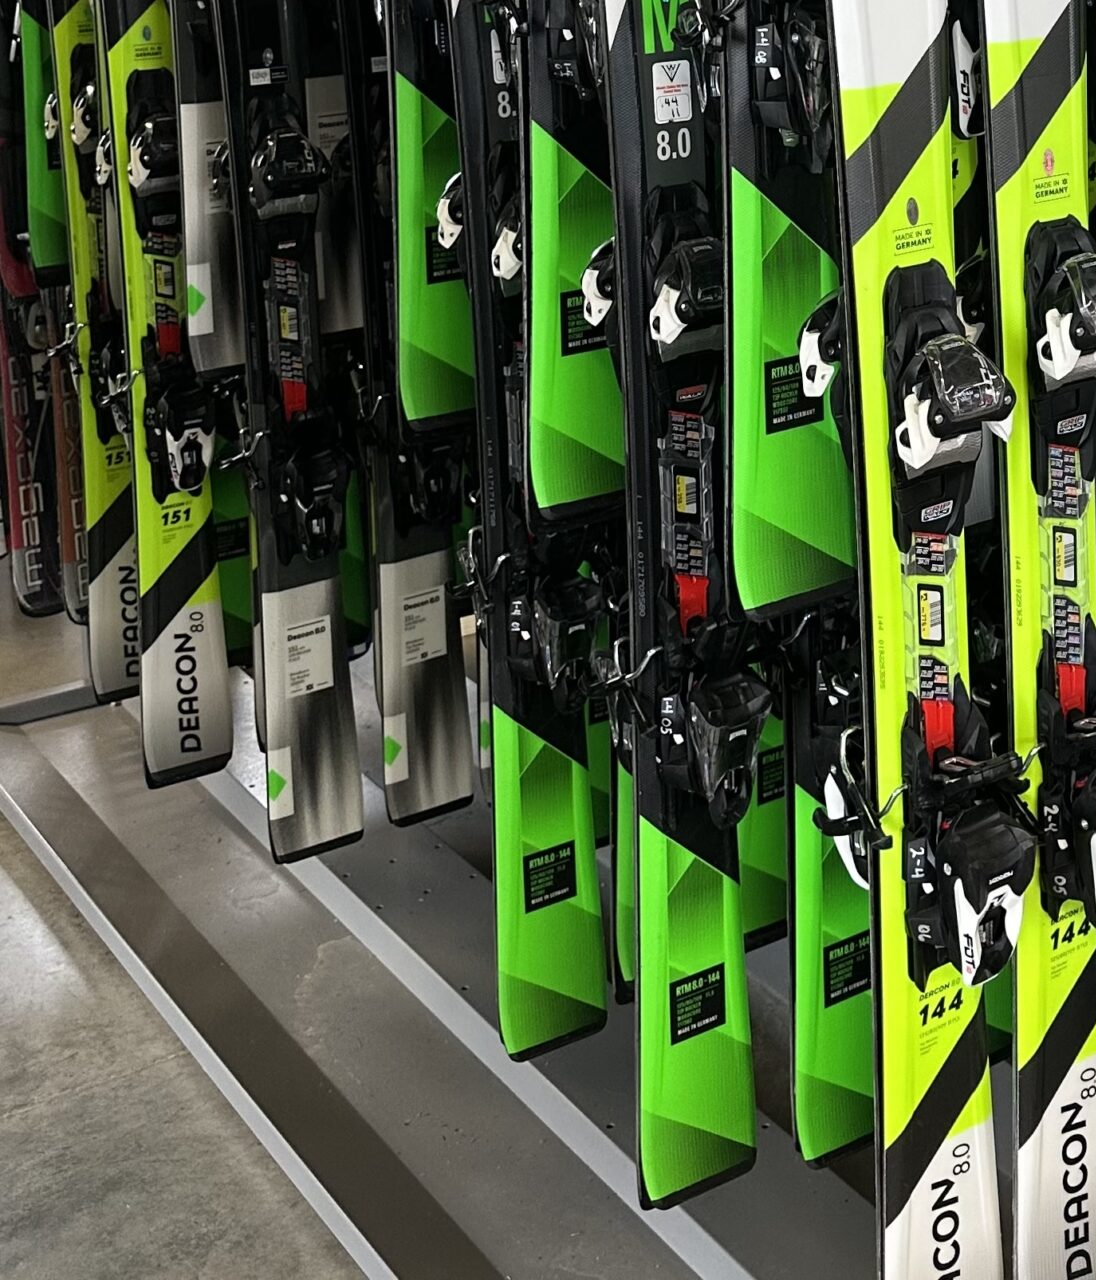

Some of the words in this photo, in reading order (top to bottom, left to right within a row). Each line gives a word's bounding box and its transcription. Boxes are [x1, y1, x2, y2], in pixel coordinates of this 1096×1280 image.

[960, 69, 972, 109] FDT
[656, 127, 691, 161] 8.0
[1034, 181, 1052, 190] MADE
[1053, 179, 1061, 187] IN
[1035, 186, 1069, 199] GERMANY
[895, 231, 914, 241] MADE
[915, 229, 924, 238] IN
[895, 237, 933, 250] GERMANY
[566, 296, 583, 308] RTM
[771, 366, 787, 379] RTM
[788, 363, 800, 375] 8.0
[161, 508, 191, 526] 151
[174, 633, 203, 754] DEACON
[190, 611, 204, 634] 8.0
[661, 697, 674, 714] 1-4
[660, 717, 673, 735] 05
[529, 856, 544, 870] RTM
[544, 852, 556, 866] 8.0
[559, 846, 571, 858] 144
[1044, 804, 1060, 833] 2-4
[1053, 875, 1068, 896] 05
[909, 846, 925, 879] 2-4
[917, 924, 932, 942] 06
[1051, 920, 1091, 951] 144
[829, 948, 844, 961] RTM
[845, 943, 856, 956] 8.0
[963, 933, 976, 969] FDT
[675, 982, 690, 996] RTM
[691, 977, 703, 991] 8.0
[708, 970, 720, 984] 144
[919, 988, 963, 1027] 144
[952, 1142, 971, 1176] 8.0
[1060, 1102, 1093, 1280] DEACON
+ + +
* [GOAL OF THE EXERCISE] Images in the records must not be repeated; everything else should be returned exactly.

* [OUTPUT OF THE TASK]
Some of the words in this photo, in reading order (top to bottom, left to right within a row). Each line gives a word's bounding box and its transcription. Boxes are [x1, y1, x2, y2], in pixel coordinates of this 1096×1280 image.

[960, 69, 972, 109] FDT
[656, 127, 691, 161] 8.0
[1034, 181, 1052, 190] MADE
[1053, 179, 1061, 187] IN
[1035, 186, 1069, 199] GERMANY
[895, 231, 914, 241] MADE
[915, 229, 924, 238] IN
[895, 237, 933, 250] GERMANY
[566, 296, 583, 308] RTM
[771, 366, 787, 379] RTM
[788, 363, 800, 375] 8.0
[161, 508, 191, 526] 151
[174, 633, 203, 754] DEACON
[190, 611, 204, 634] 8.0
[661, 697, 674, 714] 1-4
[660, 717, 673, 735] 05
[529, 856, 544, 870] RTM
[544, 852, 556, 866] 8.0
[559, 846, 571, 858] 144
[1044, 804, 1060, 833] 2-4
[1053, 875, 1068, 896] 05
[909, 846, 925, 879] 2-4
[917, 924, 932, 942] 06
[1051, 920, 1091, 951] 144
[829, 948, 844, 961] RTM
[845, 943, 856, 956] 8.0
[963, 933, 976, 969] FDT
[675, 982, 690, 996] RTM
[691, 977, 703, 991] 8.0
[708, 970, 720, 984] 144
[919, 988, 963, 1027] 144
[952, 1142, 971, 1176] 8.0
[1060, 1102, 1093, 1280] DEACON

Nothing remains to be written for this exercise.